§ **Task prompt**: The answer should be every line below, repeated exactly, with the images left out.

*** Block opens ***

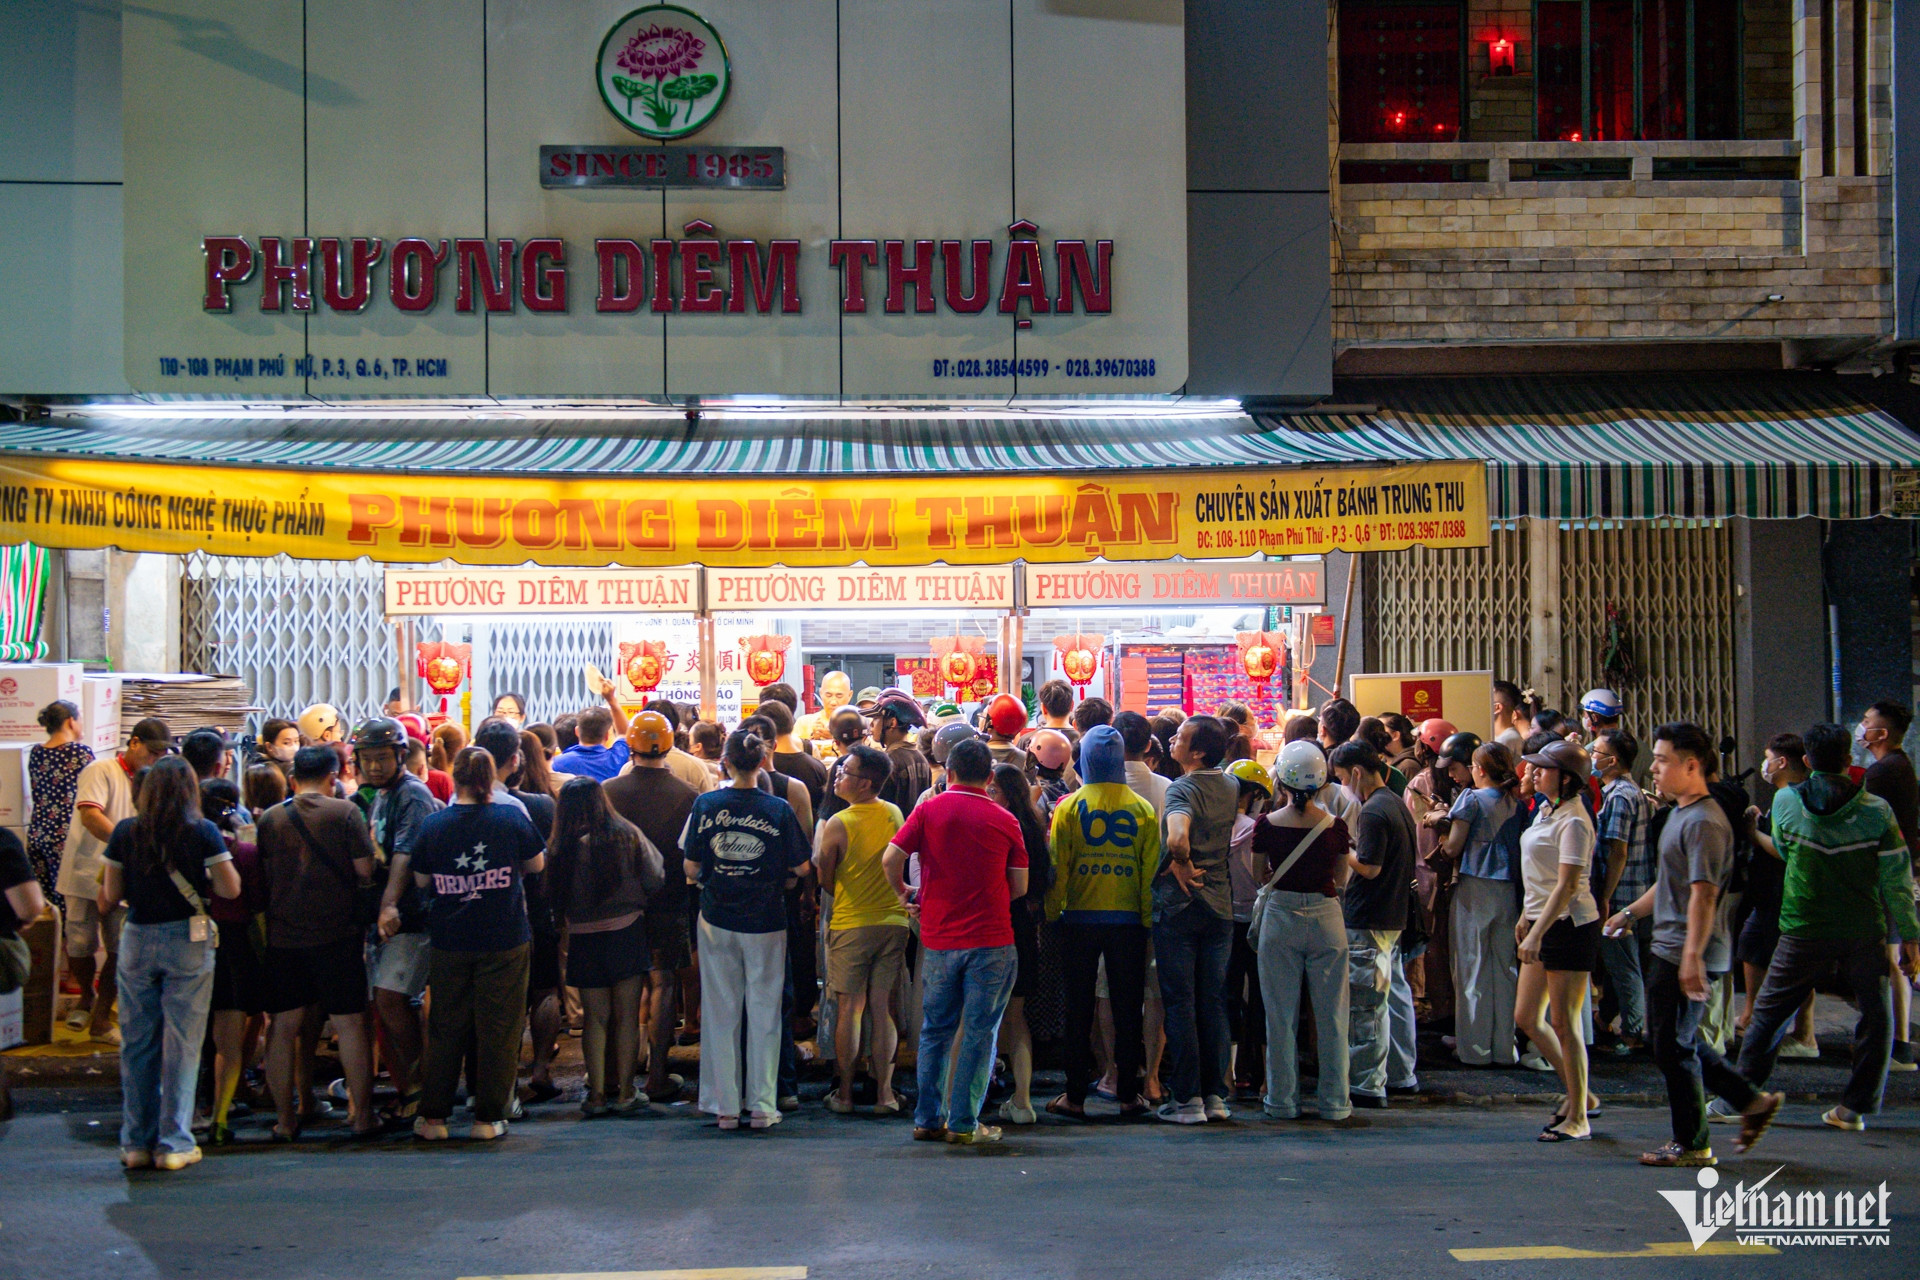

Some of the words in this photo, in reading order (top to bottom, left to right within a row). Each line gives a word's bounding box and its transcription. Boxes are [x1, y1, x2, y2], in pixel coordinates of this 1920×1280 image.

[550, 153, 667, 178] SINCE
[686, 153, 774, 178] 1985
[202, 234, 569, 314] PHƯƠNG
[829, 218, 1114, 330] THUẬN
[159, 357, 209, 377] 110-108
[214, 357, 253, 381] PHẠM
[258, 353, 285, 377] PHÚ
[416, 357, 447, 377] HCM
[1066, 359, 1156, 377] 028.39670388
[0, 486, 28, 523] NG
[34, 487, 54, 524] TY
[60, 488, 106, 527] TNHH
[113, 486, 162, 530] CÔNG
[168, 490, 216, 540] NGHỆ
[222, 496, 267, 541] THỰC
[273, 486, 325, 536] PHẨM
[1195, 483, 1256, 523] CHUYÊN
[1260, 479, 1290, 521] SẢN
[1293, 477, 1332, 520] XUẤT
[1337, 480, 1378, 517] BÁNH
[1381, 482, 1431, 515] TRUNG
[1434, 481, 1464, 513] THU
[347, 493, 676, 552] PHƯƠNG
[915, 483, 1180, 556] THUẬN
[1197, 530, 1213, 549] ĐC:
[1259, 528, 1284, 550] Phạm
[1287, 526, 1303, 546] Phú
[1306, 526, 1324, 545] Thứ
[1332, 525, 1346, 543] P.3
[1355, 524, 1370, 544] Q.6
[1379, 523, 1395, 541] ĐT:
[1398, 520, 1466, 541] 028.3967.0388
[396, 577, 505, 606] PHƯƠNG
[598, 575, 690, 608] THUẬN
[718, 573, 826, 602] PHƯƠNG
[916, 572, 1006, 604] THUẬN
[1036, 570, 1141, 599] PHƯƠNG
[1228, 568, 1318, 602] THUẬN
[737, 617, 754, 626] MINH
[657, 688, 700, 700] THÔNG
[715, 689, 733, 699] ÁO
[1078, 798, 1138, 848] be
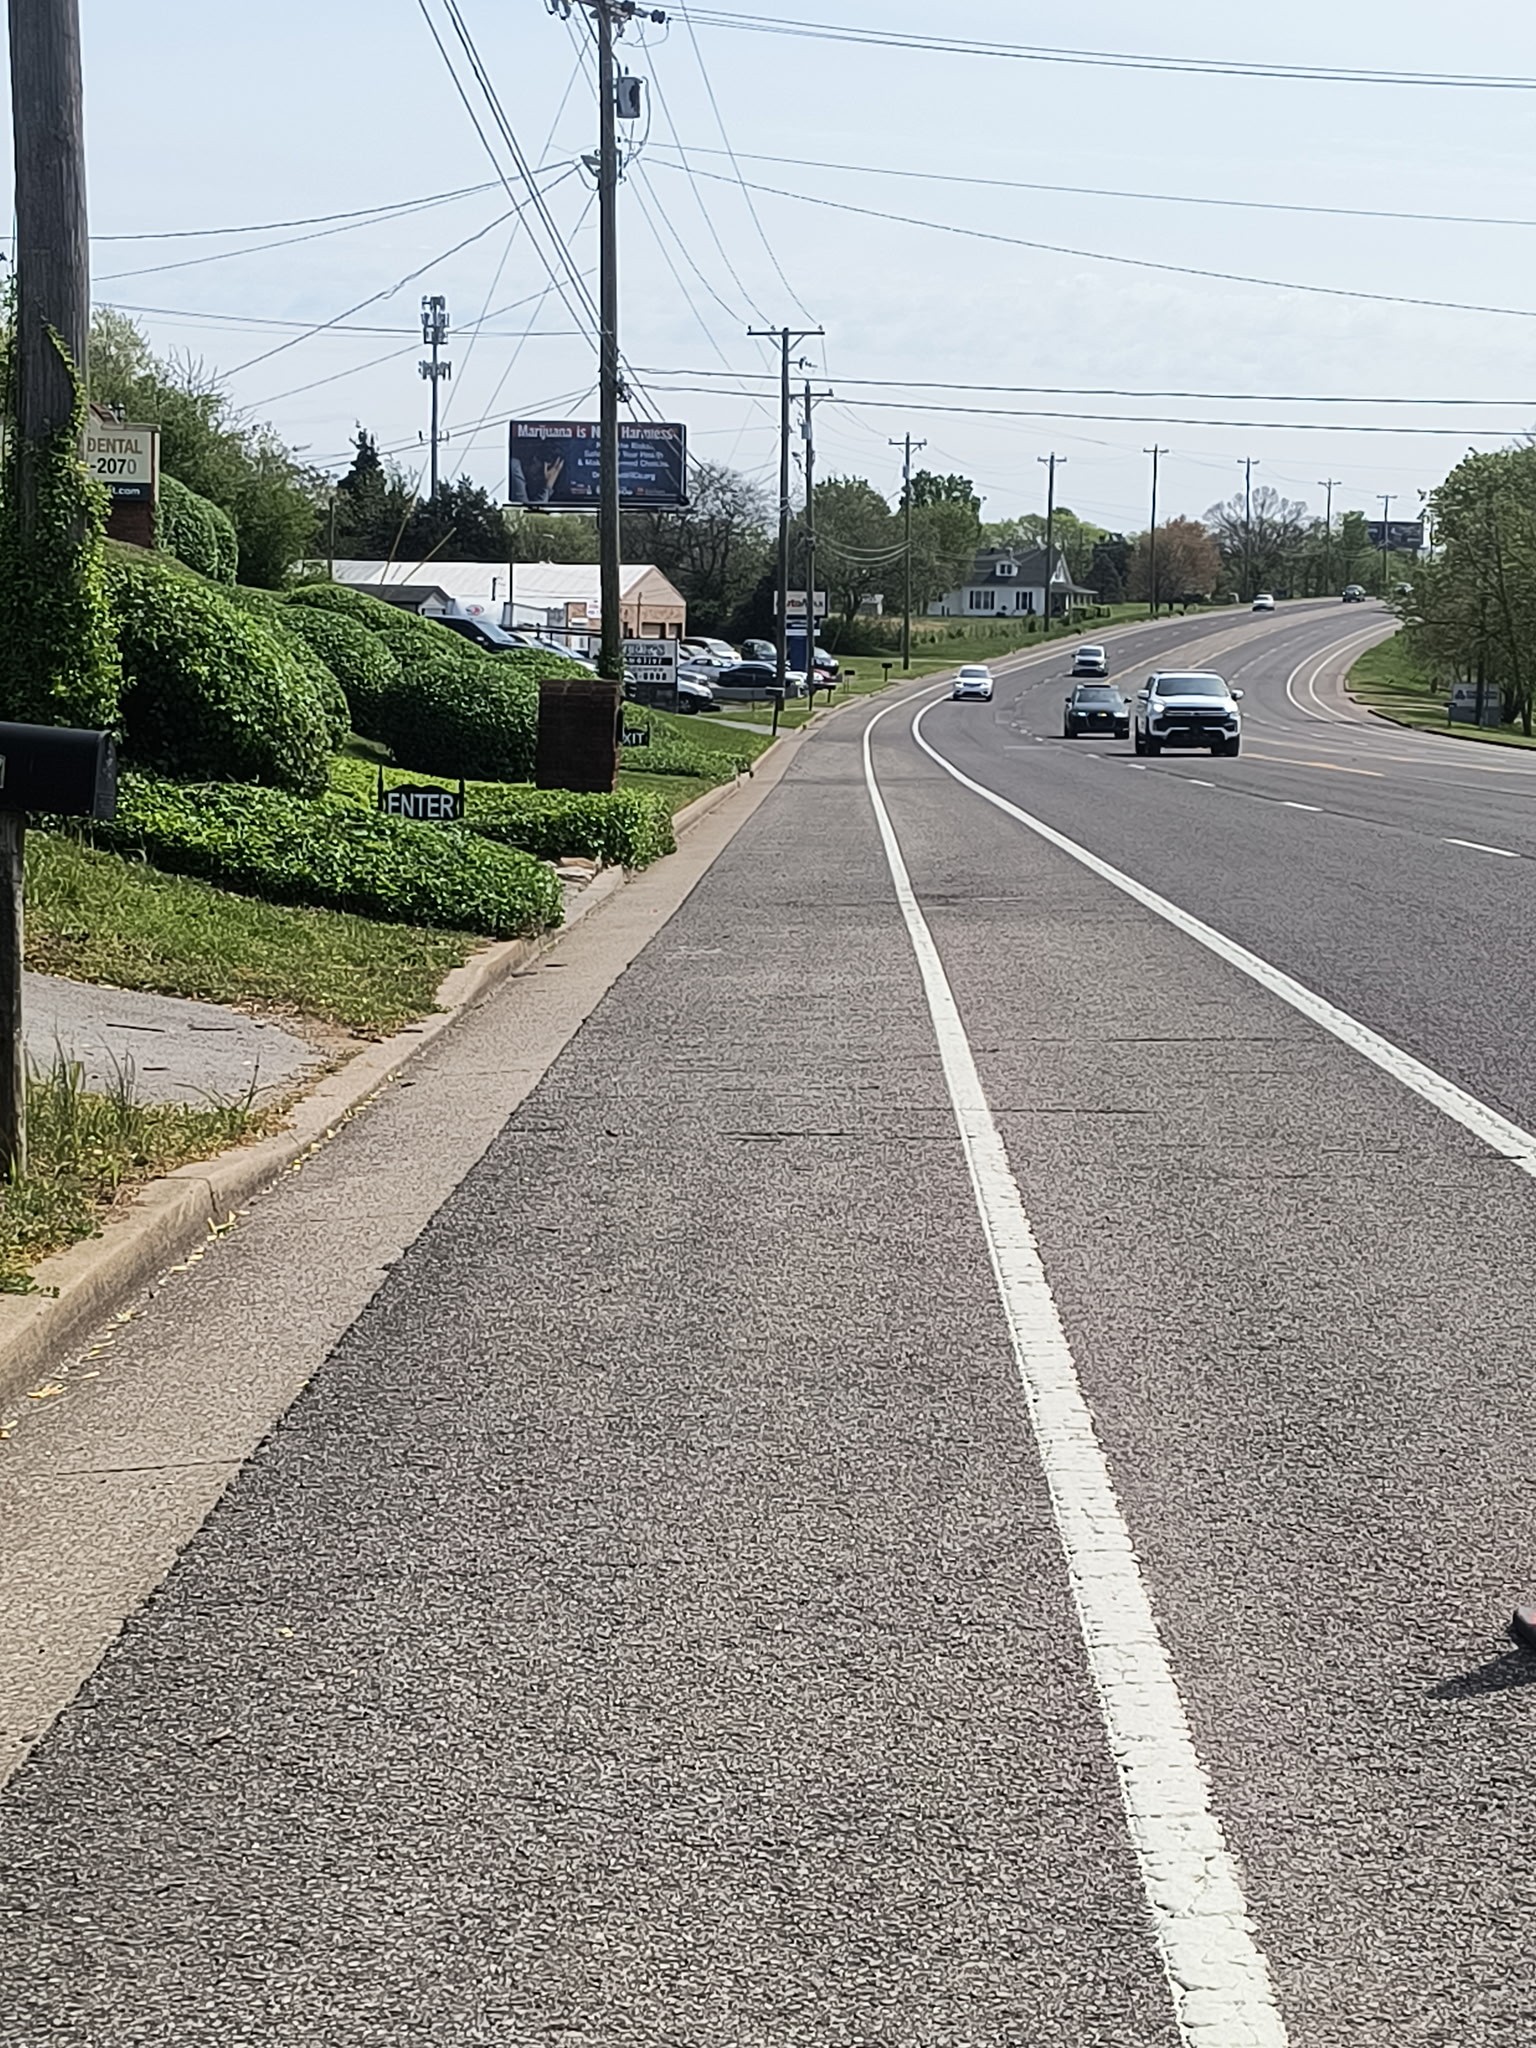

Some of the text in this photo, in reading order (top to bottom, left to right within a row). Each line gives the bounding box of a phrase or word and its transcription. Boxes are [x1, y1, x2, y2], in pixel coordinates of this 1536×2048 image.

[517, 423, 573, 440] Marijuana
[576, 424, 587, 438] is
[87, 437, 143, 455] DENTAL
[90, 457, 137, 475] -2070
[623, 732, 645, 745] XIT
[387, 793, 454, 818] ENTER

*** Block closes ***

§ **Task solution**:
Some of the words in this photo, in reading order (top to bottom, left to right within a row). Each line gives a word's bounding box and its transcription. Boxes are [x1, y1, x2, y2], in pixel coordinates of this 1920×1280 image.

[550, 153, 667, 178] SINCE
[686, 153, 774, 178] 1985
[202, 234, 569, 314] PHƯƠNG
[829, 218, 1114, 330] THUẬN
[159, 357, 209, 377] 110-108
[214, 357, 253, 381] PHẠM
[258, 353, 285, 377] PHÚ
[416, 357, 447, 377] HCM
[1066, 359, 1156, 377] 028.39670388
[0, 486, 28, 523] NG
[34, 487, 54, 524] TY
[60, 488, 106, 527] TNHH
[113, 486, 162, 530] CÔNG
[168, 490, 216, 540] NGHỆ
[222, 496, 267, 541] THỰC
[273, 486, 325, 536] PHẨM
[1195, 483, 1256, 523] CHUYÊN
[1260, 479, 1290, 521] SẢN
[1293, 477, 1332, 520] XUẤT
[1337, 480, 1378, 517] BÁNH
[1381, 482, 1431, 515] TRUNG
[1434, 481, 1464, 513] THU
[347, 493, 676, 552] PHƯƠNG
[915, 483, 1180, 556] THUẬN
[1197, 530, 1213, 549] ĐC:
[1259, 528, 1284, 550] Phạm
[1287, 526, 1303, 546] Phú
[1306, 526, 1324, 545] Thứ
[1332, 525, 1346, 543] P.3
[1355, 524, 1370, 544] Q.6
[1379, 523, 1395, 541] ĐT:
[1398, 520, 1466, 541] 028.3967.0388
[396, 577, 505, 606] PHƯƠNG
[598, 575, 690, 608] THUẬN
[718, 573, 826, 602] PHƯƠNG
[916, 572, 1006, 604] THUẬN
[1036, 570, 1141, 599] PHƯƠNG
[1228, 568, 1318, 602] THUẬN
[737, 617, 754, 626] MINH
[657, 688, 700, 700] THÔNG
[715, 689, 733, 699] ÁO
[1078, 798, 1138, 848] be

Some of the text in this photo, in reading order (top to bottom, left to right within a row). Each line gives the bounding box of a phrase or word and its transcription. Boxes are [x1, y1, x2, y2], in pixel coordinates of this 1536×2048 image.

[517, 423, 573, 440] Marijuana
[576, 424, 587, 438] is
[87, 437, 143, 455] DENTAL
[90, 457, 137, 475] -2070
[623, 732, 645, 745] XIT
[387, 793, 454, 818] ENTER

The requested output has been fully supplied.